I wanted to wince, but he was probably right. So I nodded. “I try.”
“Director…I’m going to do this. I’ll do it better than even Mahmad. And your project will work. It’s too late to do anything else, now, and I hope we’re not too late. But after they count the bodies, I want you to remember that you used people just like every other pre-select before you. The only difference is that you put your life on the line. You chose to. A lot of people are going to die who didn’t get a choice.”
“I hope there won’t be many. If we don’t do something like this, I don’t think many people, norms or pre-selects, are going to have many good choices.”
“That’s arrogance, Director.” Tal actually sighed. “Maybe truthful arrogance, but arrogance.”
Could anyone with ability not have a touch of what others called arrogance? “You could be right. Do you have a better idea?”
His laugh was almost a bark. He lifted the assignment sheet. “If I did, I wouldn’t be taking this. You were right about who to trust. We told everyone to keep the assignments among us. I’d suggest you move up your start date to next sixday, before week-end.”

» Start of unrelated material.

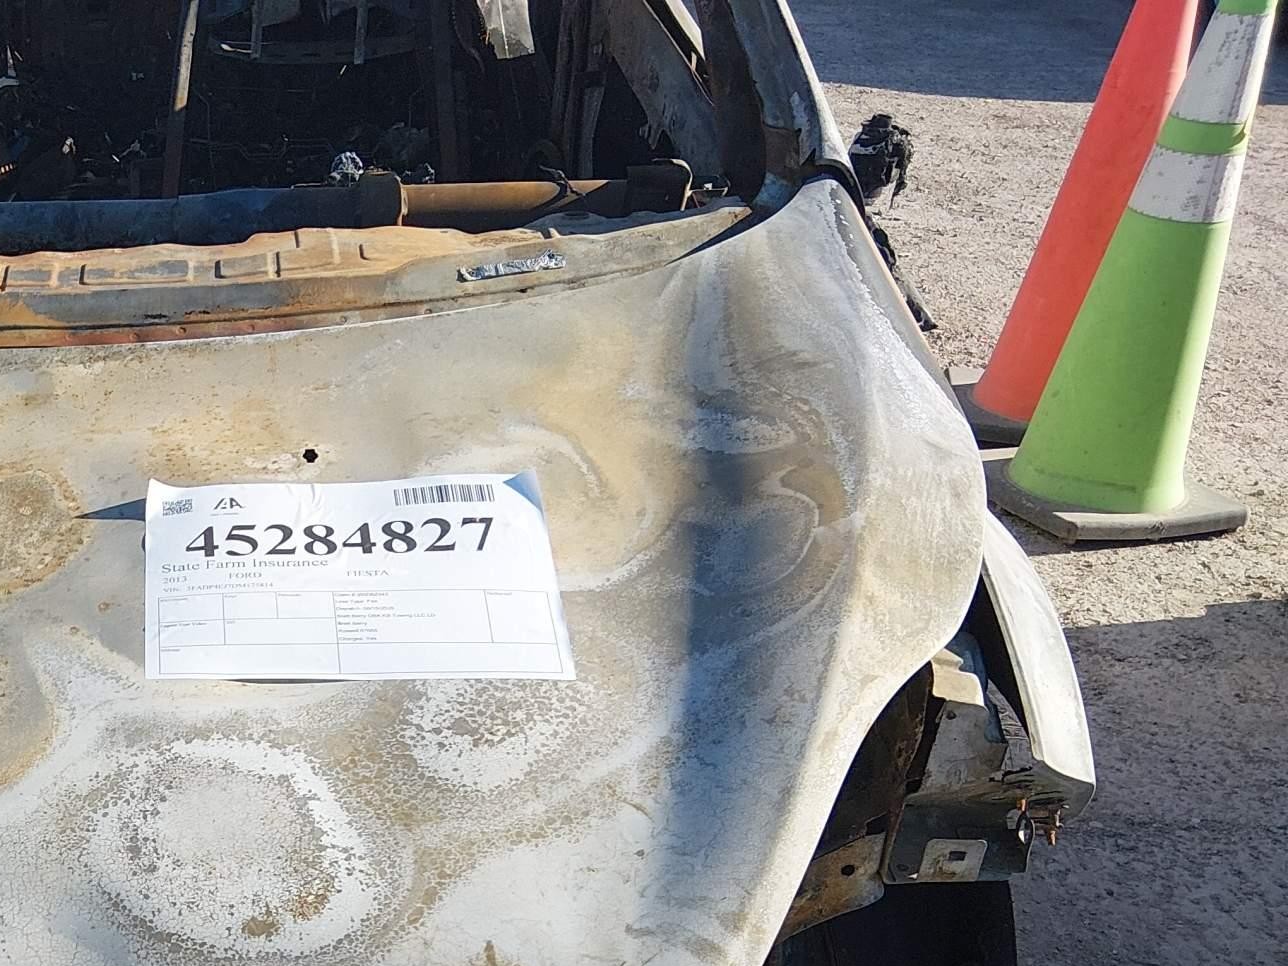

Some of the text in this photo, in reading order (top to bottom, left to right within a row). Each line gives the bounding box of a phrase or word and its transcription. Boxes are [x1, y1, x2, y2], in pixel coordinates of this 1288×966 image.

[185, 517, 494, 557] 45284827
[161, 557, 329, 574] State Farm Insurance
[162, 569, 389, 585] 2013 FORD FIESTA

“Can we have enough ready?”
“We will. Those that aren’t, cover with reruns of the ones we have. You’ll need overlap anyway. And don’t tell anyone.”
“I haven’t, and I won’t.” That was for certain. I hadn’t even told Mother, although she definitely knew I was up to something.
I stood and looked out over the inner courtyard for a long time after Tal left.
Once more, I was feeling like a very black raven trying to find sunlight in the cracks and crannies of a tall dark cliff guarded by sharp-eyed eagles with long and grasping claws.